Güney Amerika’nın güneyinden Rusya'ya getirilen Coypu (Myocastor coypus), Iğdır’ın sulak alanlarında yayılmaya başladı.
Tatlı su ve bataklık gibi sulak habitatlarda yaşamaya uyum sağlamış olan bu yarı-sucul canlı, Türkiye sınırındaki ülkelerde başlangıçta kürk üretimi amacıyla çiftliklerde yetiştirilmeye başlanmıştı. Ancak kürk hayvancılığının azalmasıyla birlikte çiftliklerden kaçan ya da doğaya salınan Coypu'lar, özellikle Iğdır’daki sulak alanlarda yaşam alanı buldu.
Halk arasında "su maymunu" olarak bilinen Coypu, ilk olarak Ağrı Dağı Milli Parkı'nda gözlemlenmeye başlandı.
Yaban hayat uzmanı Mete Türkoğlu, Coypu’nun, Güney Amerika’nın güneyinde özellikle Şili’de doğal olarak bulunan bir kemirgen türü olduğunu belirterek, türün zamanla yeni habitatlara yayıldığını söyledi. Türkoğlu, Coypu’ların, Ermenistan ve İran sınırları boyunca Türkiye’nin Karasu/Aralık bölgesindeki sulak alanlarda da yerleştiğini ifade etti.
Coypuların belirgin fiziksel özellikleri arasında ağız çevresi ve çenesinde bulunan beyaz kıllar ile öndeki portakal renkli kesici dişleri yer alır. Ergin bireyler oldukça iri bir yapıya sahiptir; erkekler 7-9 kg, dişiler ise 5-6 kg ağırlığa ulaşabilir. Sulak alanlarda ya da kanal kenarlarında yuva yaparak yaşamlarını sürdüren Coypular, yıl boyunca üreme yeteneğine sahiptir. Dişiler, 127-140 günlük bir hamilelik sürecinin ardından genellikle 3-5 yavru doğurur.

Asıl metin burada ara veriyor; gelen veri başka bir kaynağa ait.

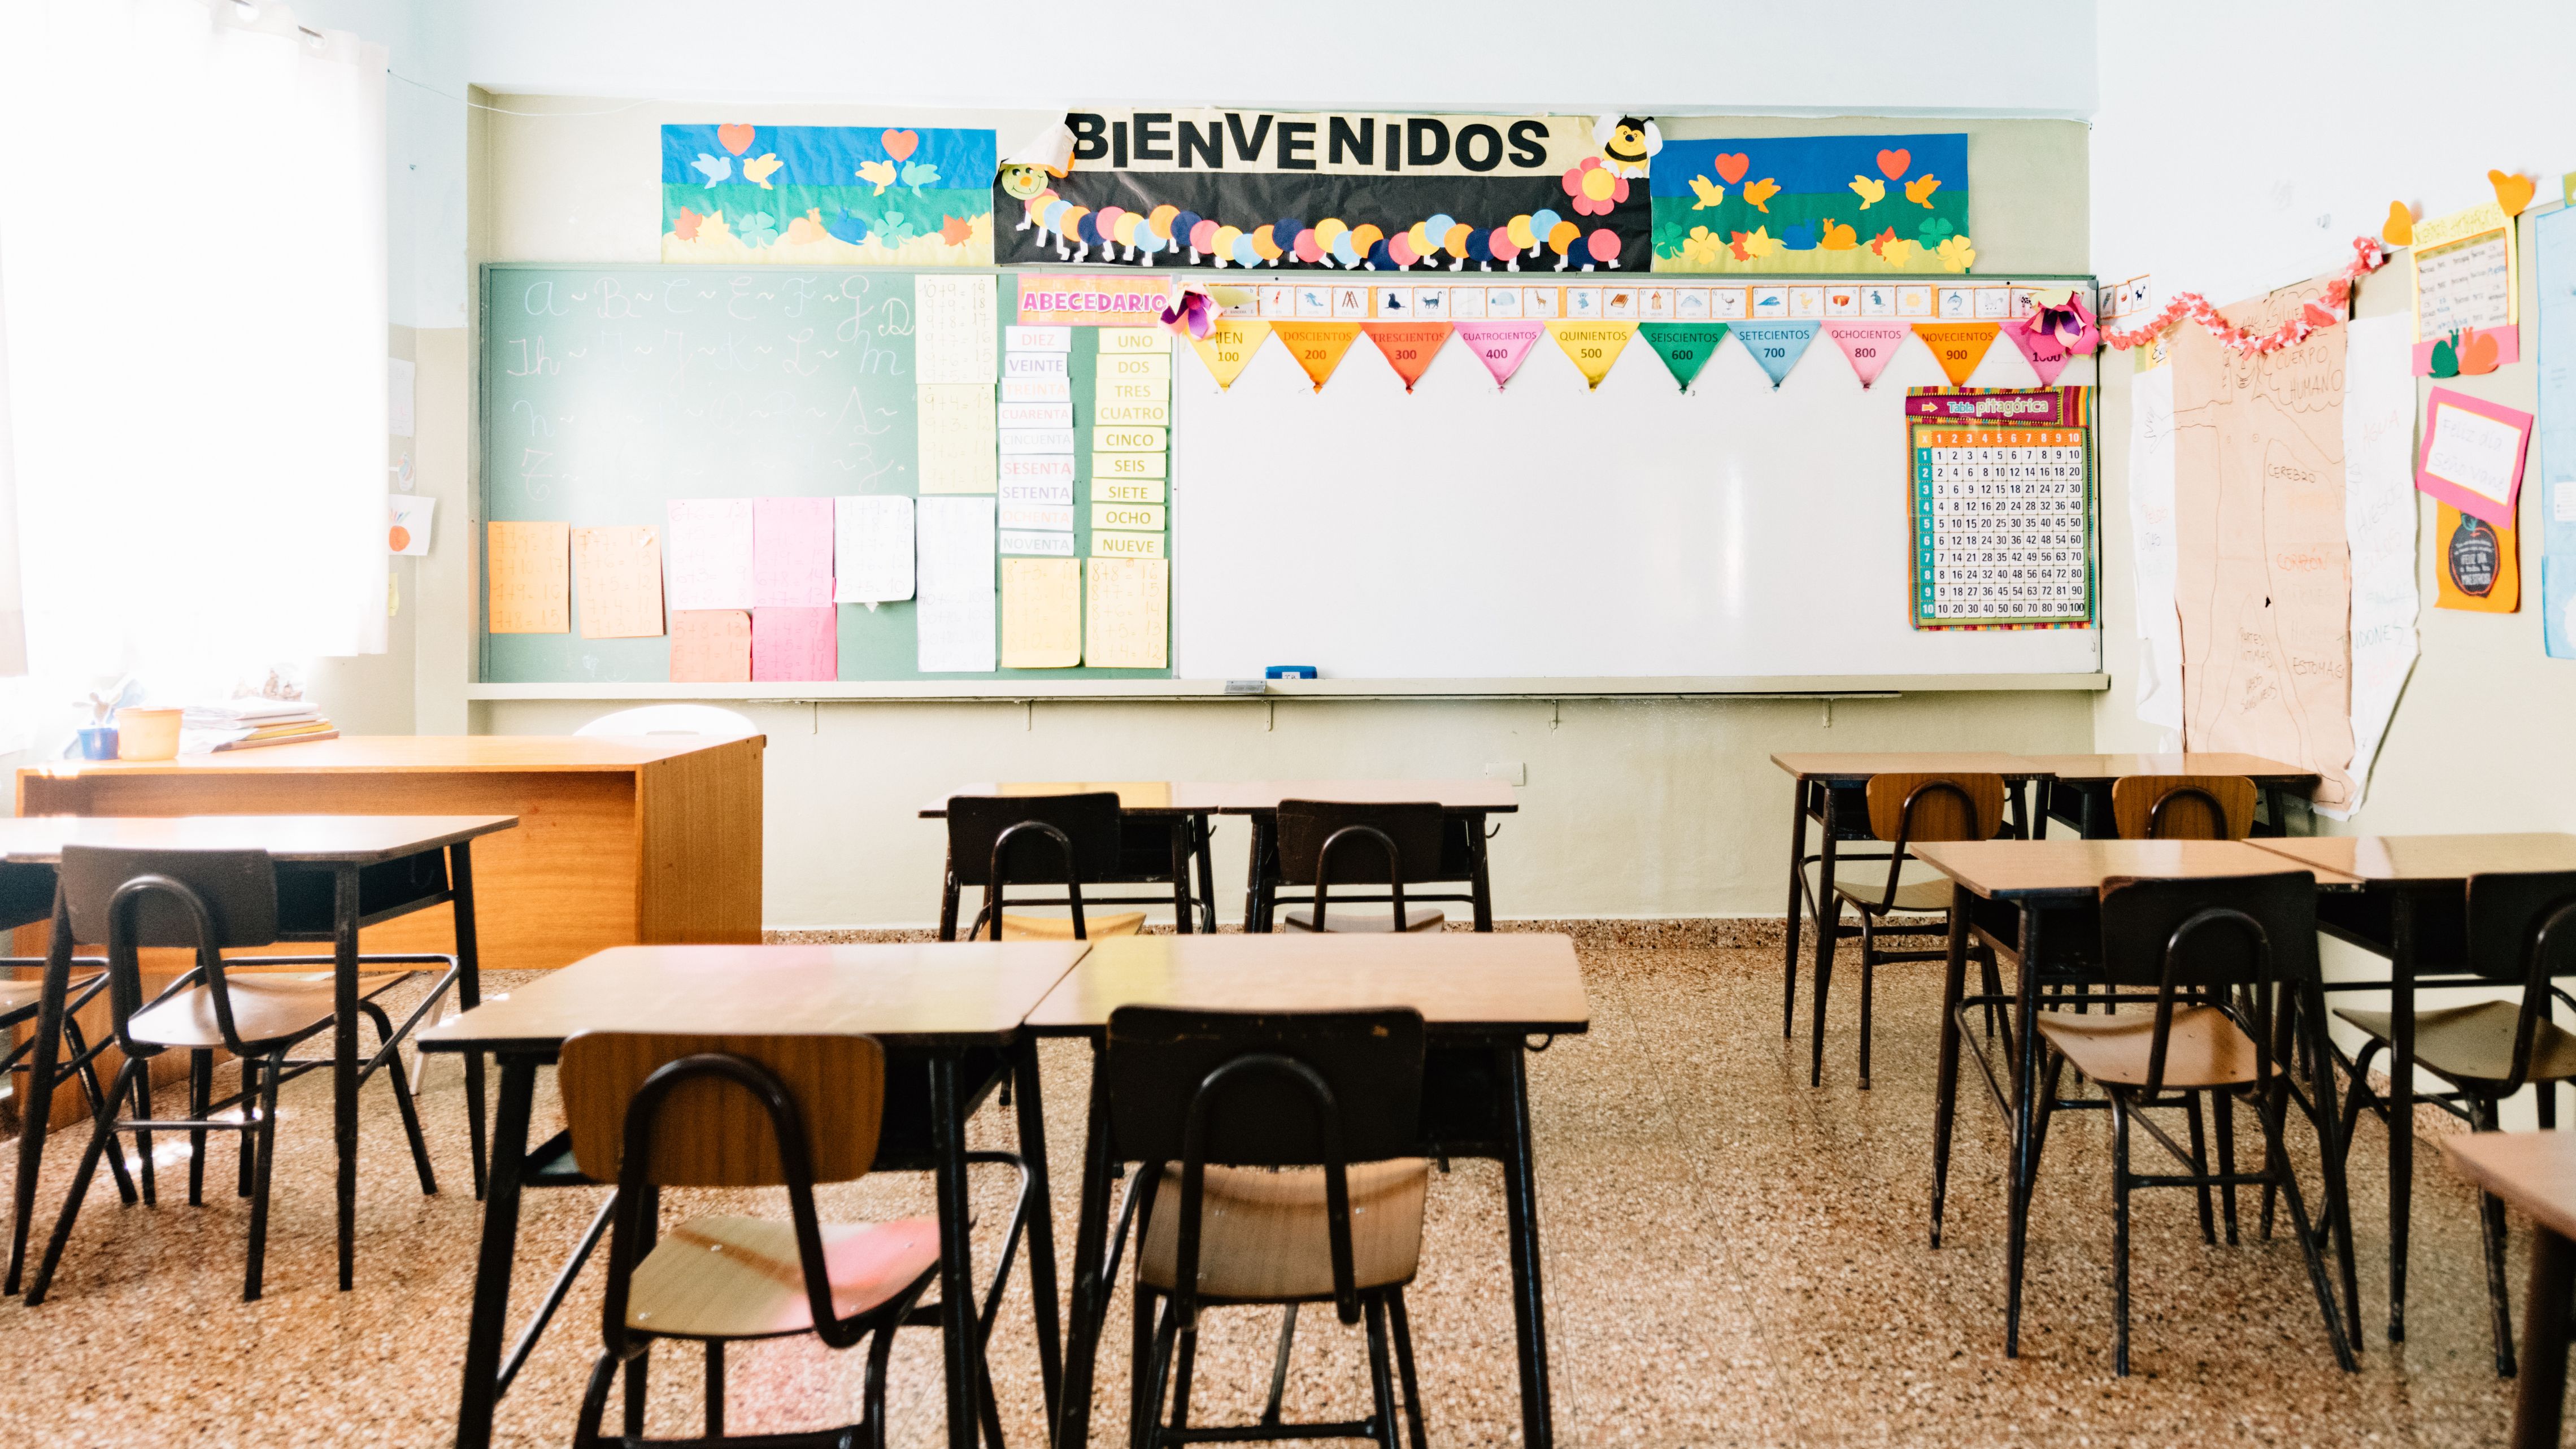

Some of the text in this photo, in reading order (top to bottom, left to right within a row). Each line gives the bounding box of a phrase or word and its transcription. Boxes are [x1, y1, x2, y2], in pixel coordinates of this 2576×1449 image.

[1064, 112, 1550, 172] BIENVENIDOS
[1023, 292, 1168, 312] ABECEDARIO
[1021, 333, 1055, 346] DIEZ
[1216, 332, 1243, 344] IEN
[1283, 331, 1352, 342] DOSCIENTOS
[1371, 332, 1445, 342] TRESCIENTOS
[1463, 331, 1537, 342] CUATROCIENTOS
[1559, 331, 1628, 342] QUINIENTOS
[1651, 332, 1718, 343] SEISCIENTOS
[1739, 329, 1810, 341] SETECIENTOS
[1831, 329, 1902, 340] OCHOCIENTOS
[1921, 331, 1994, 343] NOVECIENTOS
[1118, 335, 1153, 348] UNO
[1218, 351, 1239, 362] 100
[1304, 349, 1327, 360] 200
[1395, 349, 1417, 360] 300
[1486, 348, 1508, 359] 400
[1580, 348, 1603, 358] 500
[1672, 349, 1694, 360] 600
[1764, 347, 1786, 358] 700
[1855, 347, 1877, 359] 800
[1946, 349, 1968, 360] 900
[2276, 346, 2328, 370] CUERPO
[1009, 359, 1064, 372] VEINTE
[1118, 360, 1150, 373] DOS
[2290, 360, 2344, 401] HUMANO
[1005, 383, 1066, 396] TREINTA
[1114, 385, 1151, 398] TRES
[1100, 407, 1164, 420] CUATRO
[1947, 398, 2049, 417] Tabla pitagórica
[1002, 408, 1069, 420] CUARENTA
[1003, 433, 1072, 446] CINCUENTA
[1106, 433, 1154, 447] CINCO
[1937, 433, 2079, 443] 1 2 3 4 5 6 7 8 9 10
[1922, 450, 2079, 460] 1 1 2 3 4 5 6 7 8 9 10
[1003, 462, 1072, 476] SESENTA
[1114, 459, 1145, 473] SEIS
[1922, 467, 2080, 477] 2 2 4 6 8 10 12 14 16 18 20
[1002, 486, 1071, 500] SETENTA
[1108, 486, 1148, 499] SIETE
[1923, 484, 2081, 494] 3 3 6 9 12 15 18 21 24 27 30
[1924, 501, 2081, 511] 4 4 8 12 16 20 24 28 32 36 40
[1002, 511, 1071, 524] OCHENTA
[1106, 511, 1151, 525] OCHO
[1924, 518, 2081, 529] 5 5 10 15 20 25 30 35 40 45 50
[1003, 537, 1070, 551] NOVENTA
[1102, 539, 1155, 554] NUEVE
[2293, 657, 2344, 678] ESTOMAG

Coypular, hem otçul hem de etçil bir diyete sahiptir. Başlıca besin kaynakları çayır otlarının yaprakları olmakla birlikte, balıklar ve diğer su canlıları da diyetlerinde yer alır. Sulak alanların sağladığı zengin besin çeşitliliği, bu türün beslenme alışkanlıklarını çeşitlendirmesine olanak tanır.

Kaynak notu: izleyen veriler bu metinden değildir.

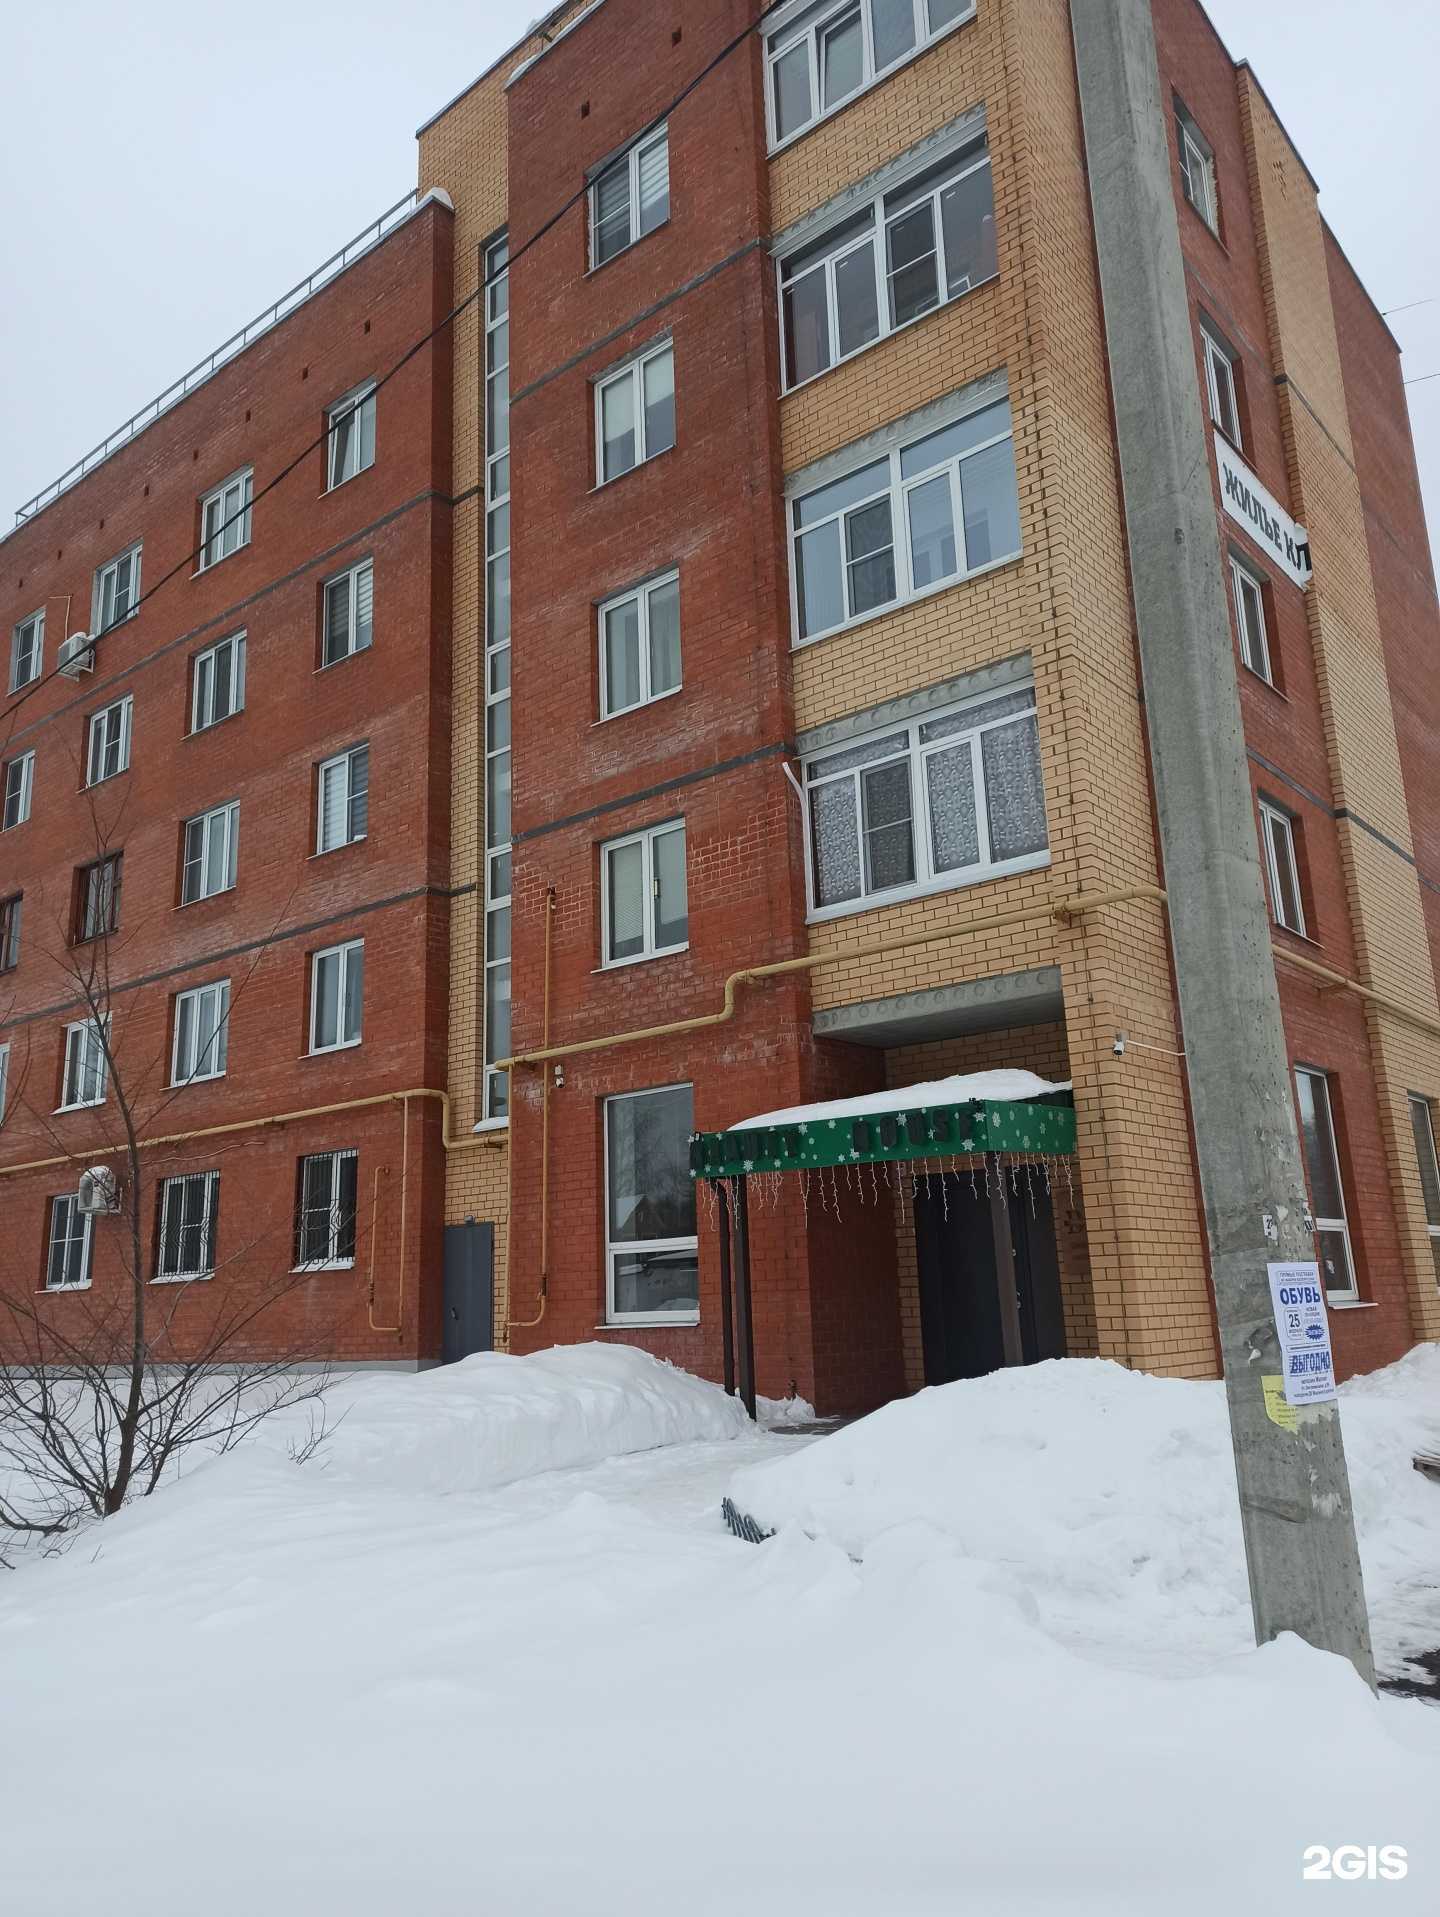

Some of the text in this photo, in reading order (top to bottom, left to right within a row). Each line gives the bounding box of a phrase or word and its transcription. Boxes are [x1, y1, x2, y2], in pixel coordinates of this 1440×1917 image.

[1222, 461, 1283, 552] ЖИЛЬЕ
[1279, 1286, 1321, 1305] ОБУВЬ
[1288, 1313, 1301, 1329] 25
[1289, 1351, 1331, 1374] ВЫГОДНО

Coypuların Iğdır ve çevresindeki sulak alanlarda yayılmaya devam etmesi, yerel ekosistem üzerinde olumsuz etkiler yaratabileceği endişelerini gündeme getirmiştir. Uzmanlar, bu türün kontrol altına alınması ve doğaya zarar vermemesi için çeşitli önlemler alınması gerektiğini vurguluyor.